While on the island of Gozo I took notes of and enjoyed some of the trees unfamiliar to me. It is nice and interesting to find out what they are called and then to search on Google about their uses, growth, country of origin and so on, it keeps me quite busy at times. Then I will take many photos of all the different attributions, leaves, flowers, seeds, seed hulks, shoots, trunks etc. And of course I like to share this in my blog, my blog is after all a celebration of all that the earth so generously has to offer to us and to life itself. And so here goes, I hope you enjoy.


The Ombu tree, or to give it its proper name the Phytolacca dioica L. is an attractive tree. I found it growing in the area of Ghajnsielem along the main road. I was amazed to learn that this tree is actually an evergreen shrub that can become quite old and grow to look like a rather large tree. I became fascinated by the beautiful glossy dark green leaves, looking very healthy and growing very vigorously out of the trunk. Apparently the more you cut it, the more fiercely it grows. Its trunk is a soft spongy wood, the rings are loose and not at all like proper timber rings. It is resistant to fire and drought and this is due to its many trunks which store water very efficiently in its large base. Its sap is poisonous. The Ombu is a South American relative of the pokeweed (P. Americana) It is indigenous to Argentina, Brazil and Uruguay, there it grows easily in the wild, and it is there that it manages to survive on the pampas. Put to good use because of its large canopy it shelters both animals and humans alike, but is especially good for the many cattle and so it is of agricultural value.
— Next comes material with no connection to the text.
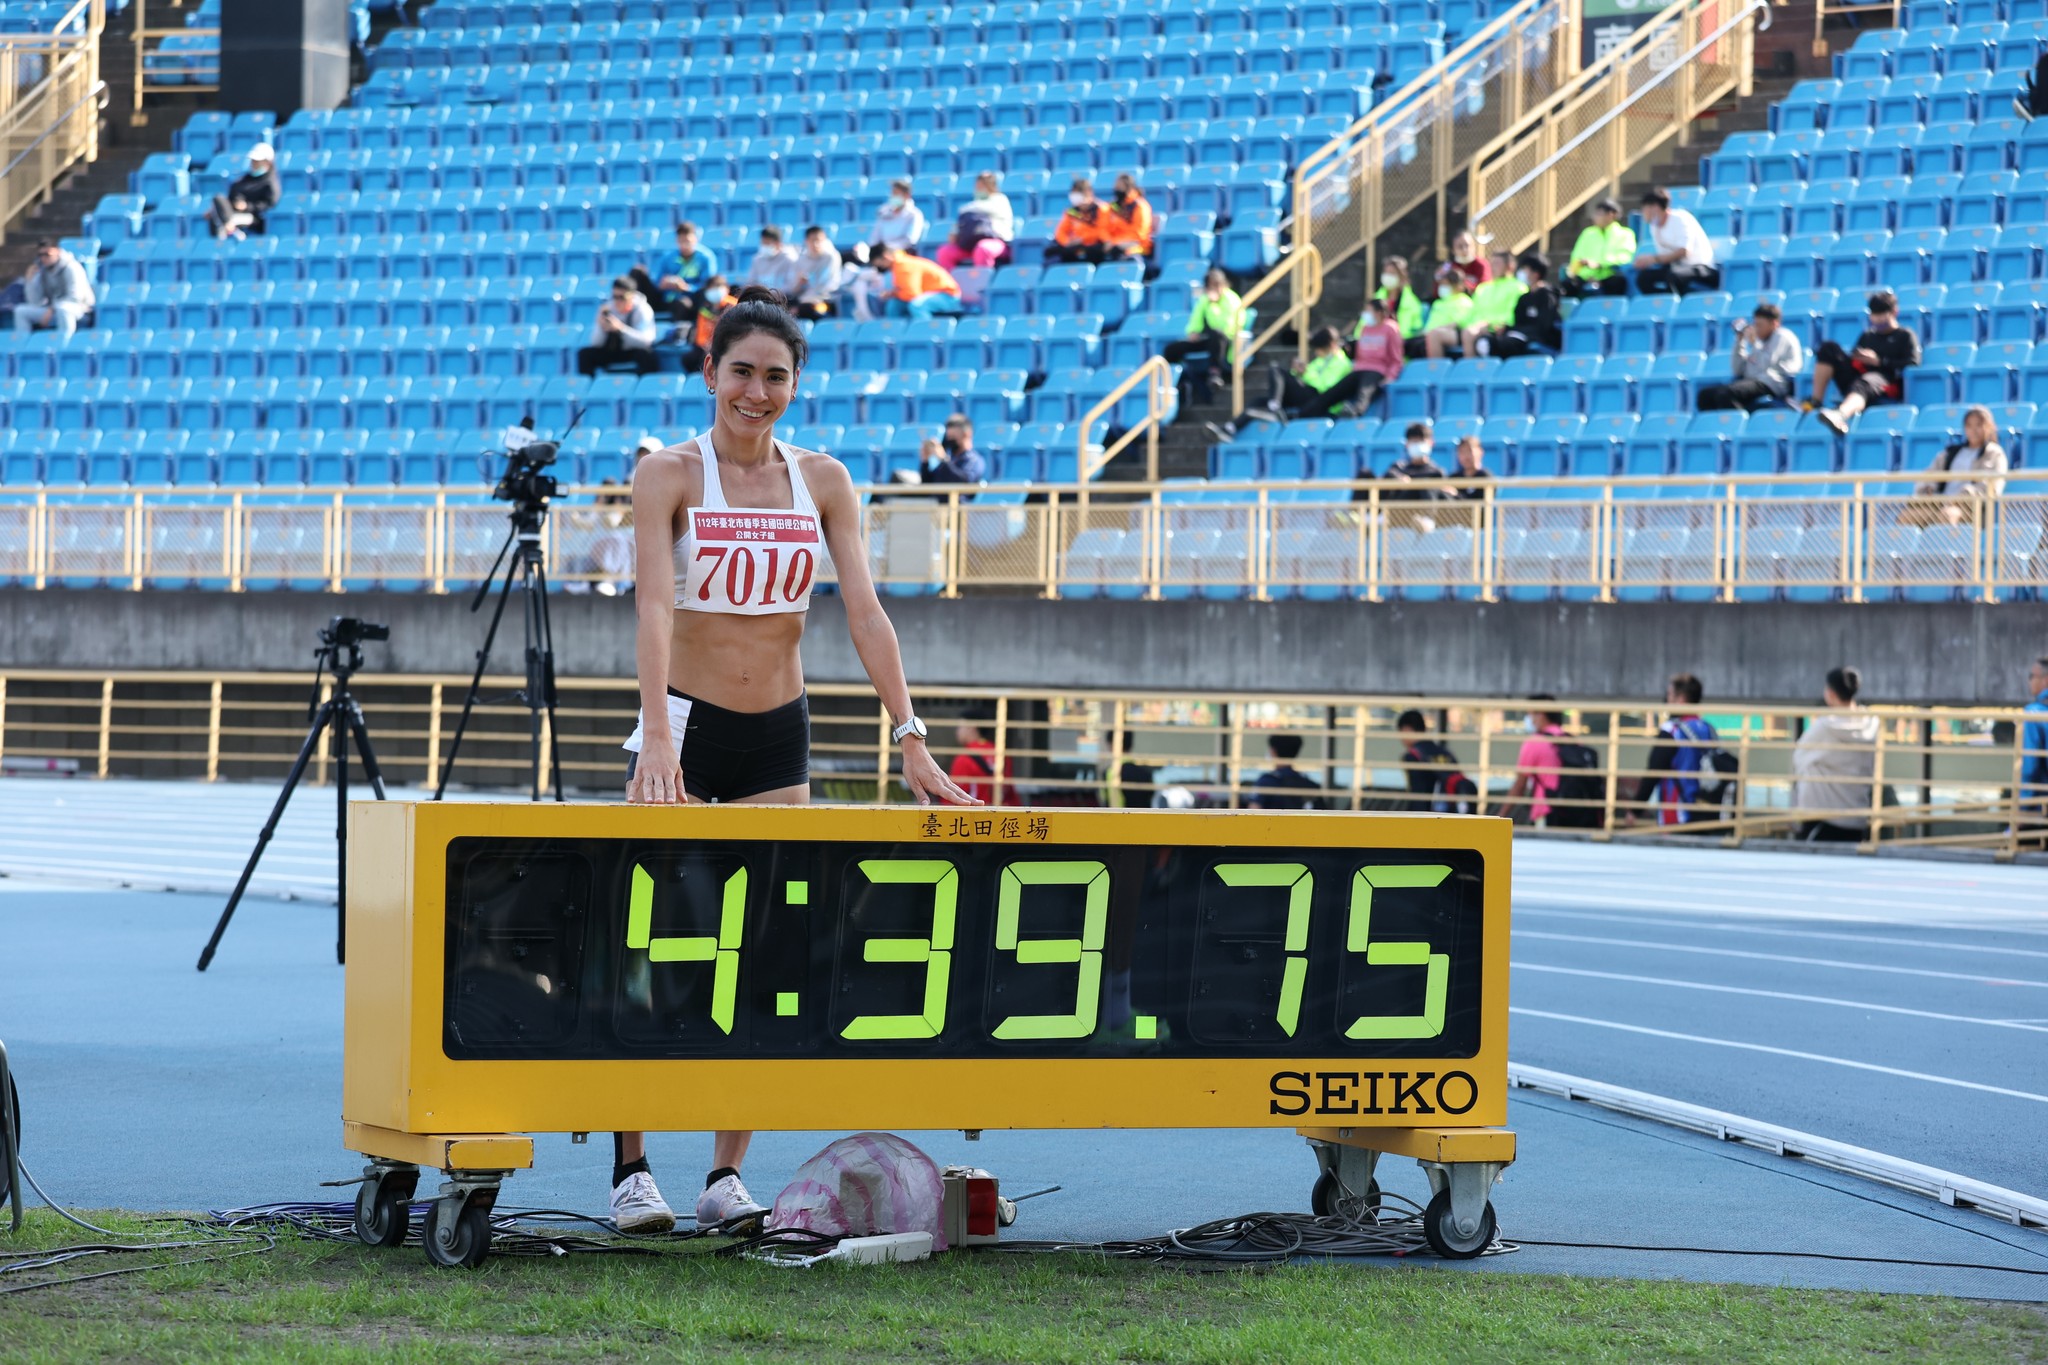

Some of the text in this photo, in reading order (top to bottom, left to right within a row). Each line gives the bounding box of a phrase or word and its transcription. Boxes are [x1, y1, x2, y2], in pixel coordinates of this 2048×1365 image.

Being a dioecious plant it produces male and female flowers on separate trees. The flowers are greenish white, little and many on one long spike. The fruit is green and is clustered in a bunch together, I see both flowers and fruits on the tree at this time (November). To date I have not myself seen the seeds but believe that they are brown, small and glossy. I shall be on the look out for them just to find out.
I learnt that extracts of the Ombu have Antifungal potencies which would probably make it interesting to Naturopaths or to pharmaceuticals.
Some of its uses are:
• Fodder – leaves are used as fodder in time of drought.
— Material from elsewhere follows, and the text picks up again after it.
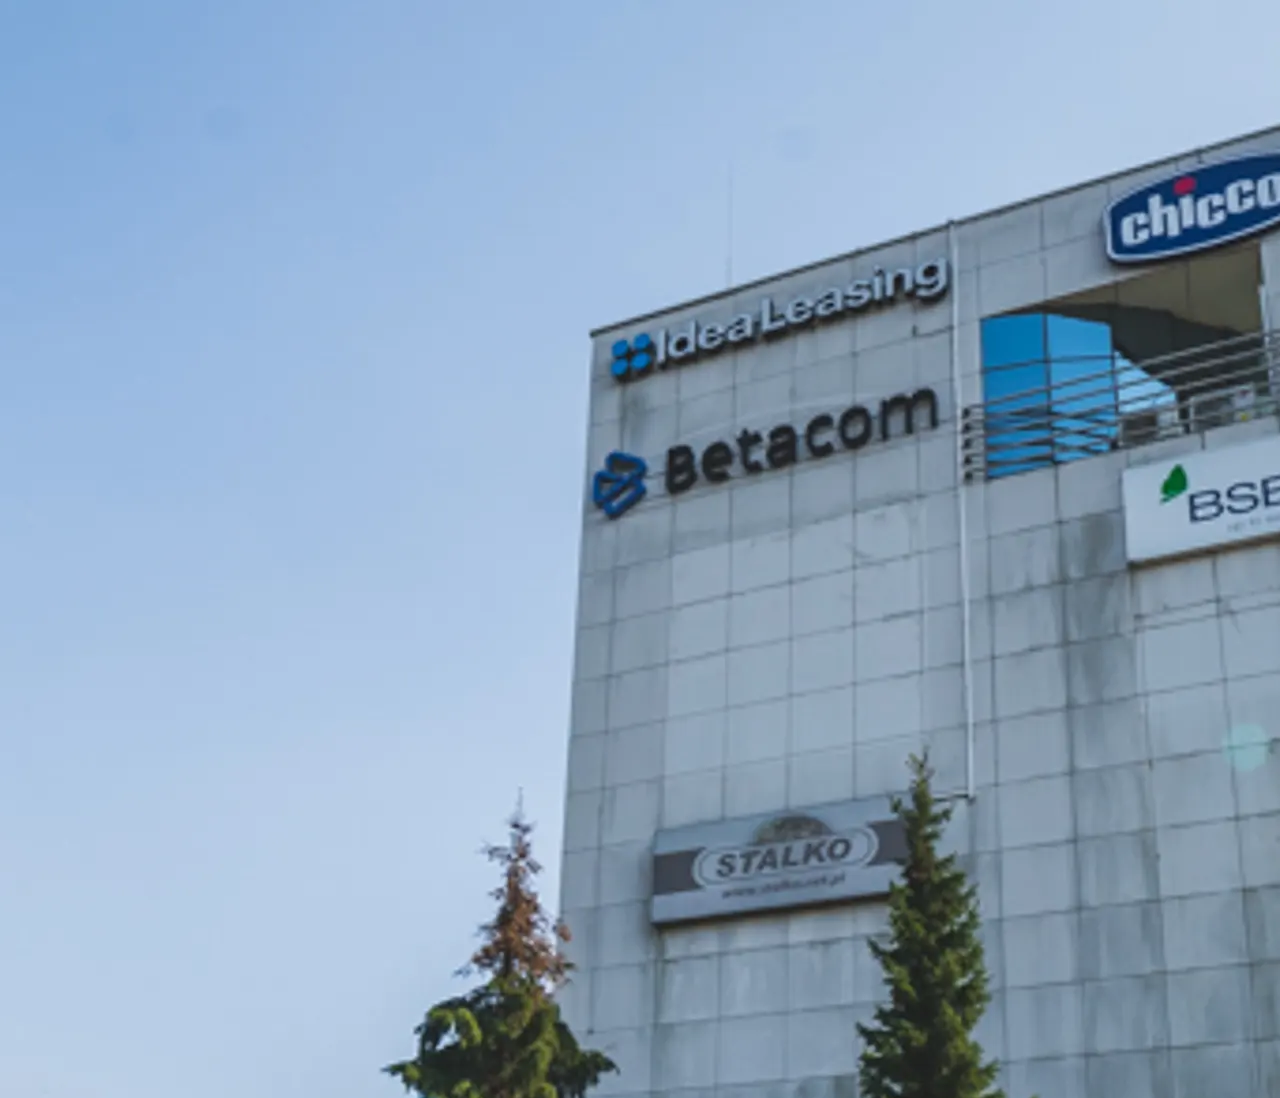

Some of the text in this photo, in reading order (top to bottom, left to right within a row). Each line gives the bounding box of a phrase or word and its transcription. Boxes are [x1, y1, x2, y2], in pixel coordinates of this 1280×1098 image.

[656, 256, 950, 364] Idea Leasing
[665, 386, 938, 494] Betacom
[716, 836, 851, 878] STALKO
• Medicine – infusion of leaves has been used as a laxative, but don’t take my word for it please.
• Hot drink – locally the leaves may be used as a hot drink. (I am not planning to try it out myself not being sure of what the result will be).
• Soapy juice – containing salts of lime and potash.
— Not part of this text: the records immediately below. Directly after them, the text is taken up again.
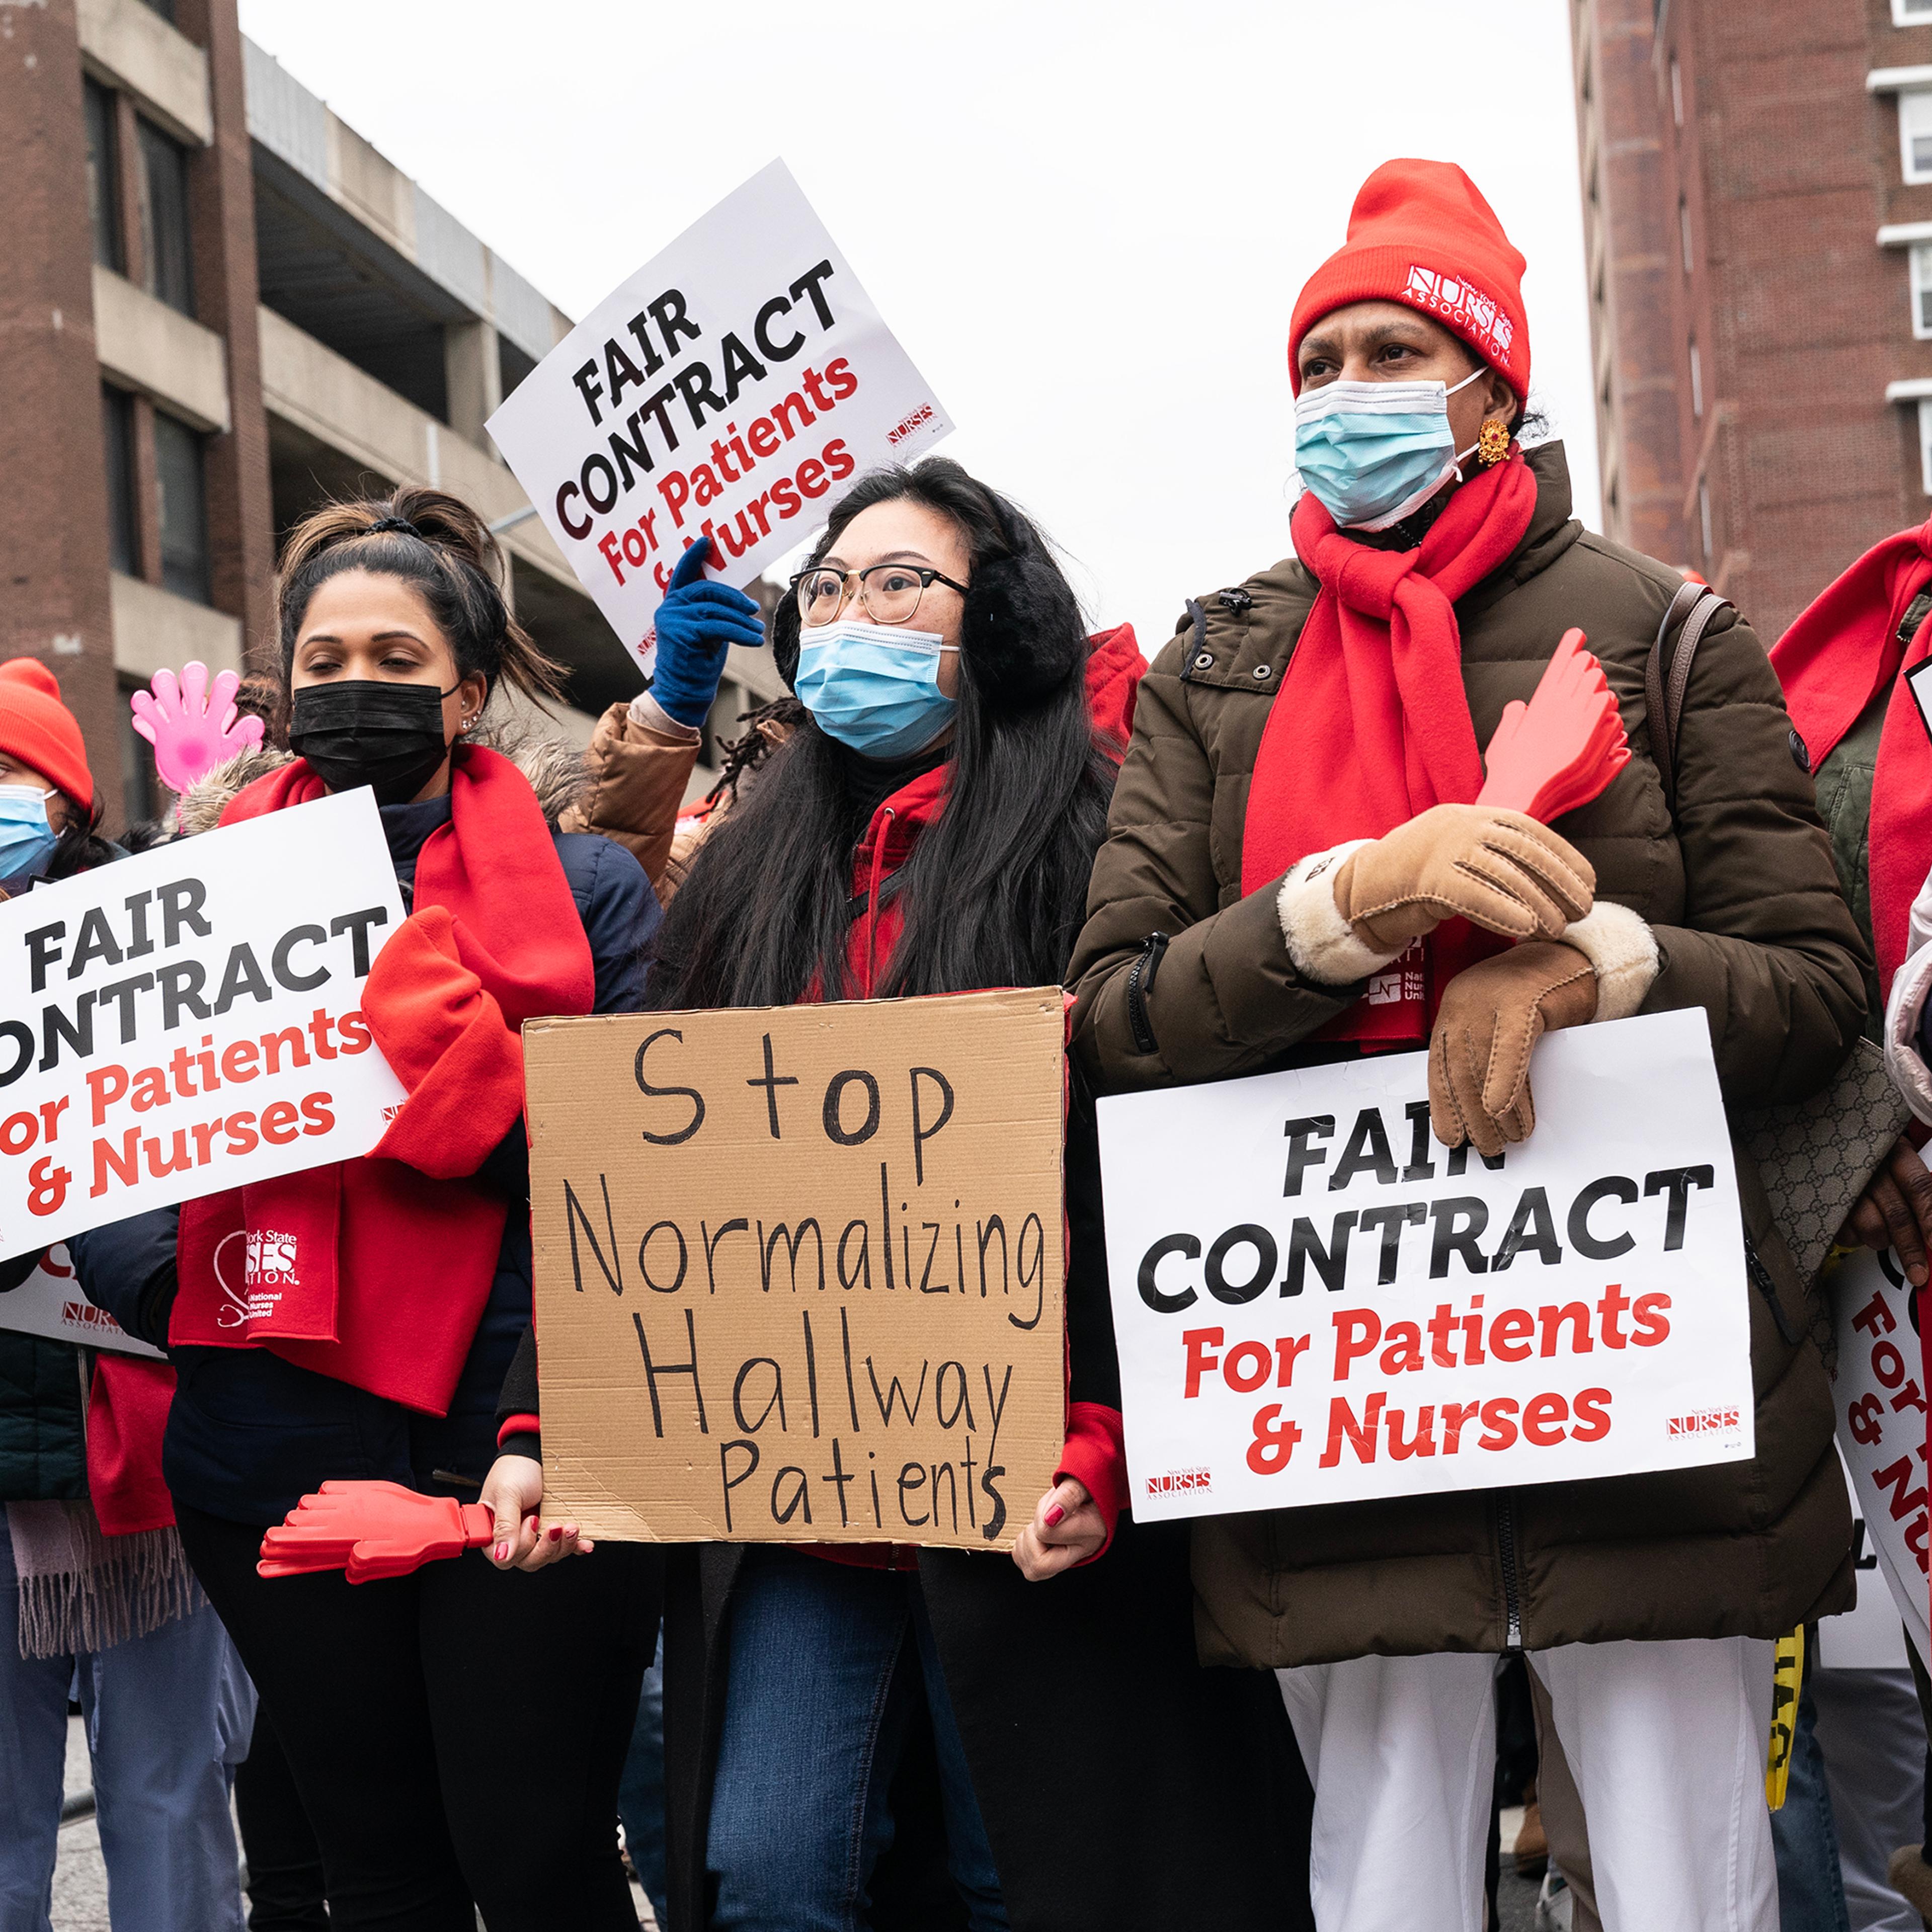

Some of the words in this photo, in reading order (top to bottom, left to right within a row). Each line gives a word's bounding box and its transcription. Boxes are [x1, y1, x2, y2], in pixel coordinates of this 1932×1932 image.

[572, 289, 702, 427] FAIR
[1406, 265, 1512, 350] NURSES
[556, 259, 835, 540] CONTRACT
[886, 406, 933, 446] NURSES
[597, 507, 659, 587] For
[657, 357, 858, 529] Patients
[25, 878, 212, 994] FAIR
[86, 1008, 372, 1127] Patients
[634, 1028, 955, 1187] Stop
[27, 1156, 72, 1217] &
[90, 1092, 335, 1198] Nurses
[265, 1229, 297, 1245] State
[562, 1161, 1044, 1331] Normalizing
[1137, 1164, 1715, 1314] CONTRACT
[633, 1306, 1013, 1466] Hallway
[1182, 1326, 1311, 1399] For
[1332, 1284, 1671, 1381] Patients
[1852, 1290, 1927, 1413] For
[1246, 1403, 1302, 1475] &
[1319, 1388, 1612, 1469] Nurses
[1666, 1411, 1740, 1435] NURSES
[1667, 1426, 1741, 1441] ASSOCIATION
[1848, 1392, 1885, 1447] &
[719, 1435, 1006, 1541] Patients
[1145, 1472, 1212, 1494] NURSES
[1147, 1485, 1214, 1500] ASSOCIATION
• Shade in regions where other trees won’t grow – in the pampas it is the only tree that will naturally grow and provide shelter.
• Bonsais – something I did not know is that it is an ideal tree to grow as a bonsai, nice to know!
• Dyes – juice extracted from the berries can be used as a source of dyes.
• Berries – apparently the berries are eaten by birds as they are not affected by the toxin as the seeds contained within the berries passes through the bird intact.
I also read that in South Africa Ombu is treated as an invasive plant, possible because it grows so rapidly. Here in Gozo there is more and more emphasis on the growing of indigenous trees and plants, and eradicating to an extent the growth of invasive plants and trees. This is, of course, a tendency all over Europe these days. I am not sure at which time the Ombu tree was introduced in the Maltese islands and why, I wonder if it was introduced because of the high temperatures in the summer months, the drought some years, and the lack of tree cover in general.

One of the beautiful and typical specimen of Phytolacca dioica L.

I hope you enjoyed this little bit of information on the beautiful and interesting Ombu tree which in fact is not a tree at all. I for one will enjoy twice as much when I am passing these trees in the knowledge of all its good uses.
And finally what I would like to know but could not readily find an answer to is whether the water stored inside the Ombu tree’s large trunk can be used in case of water shortage by cattle or people, or is it already juice in which case it is toxic? I would say, it is juice and it is toxic so it cannot be used. If anyone can shed more light on this please do.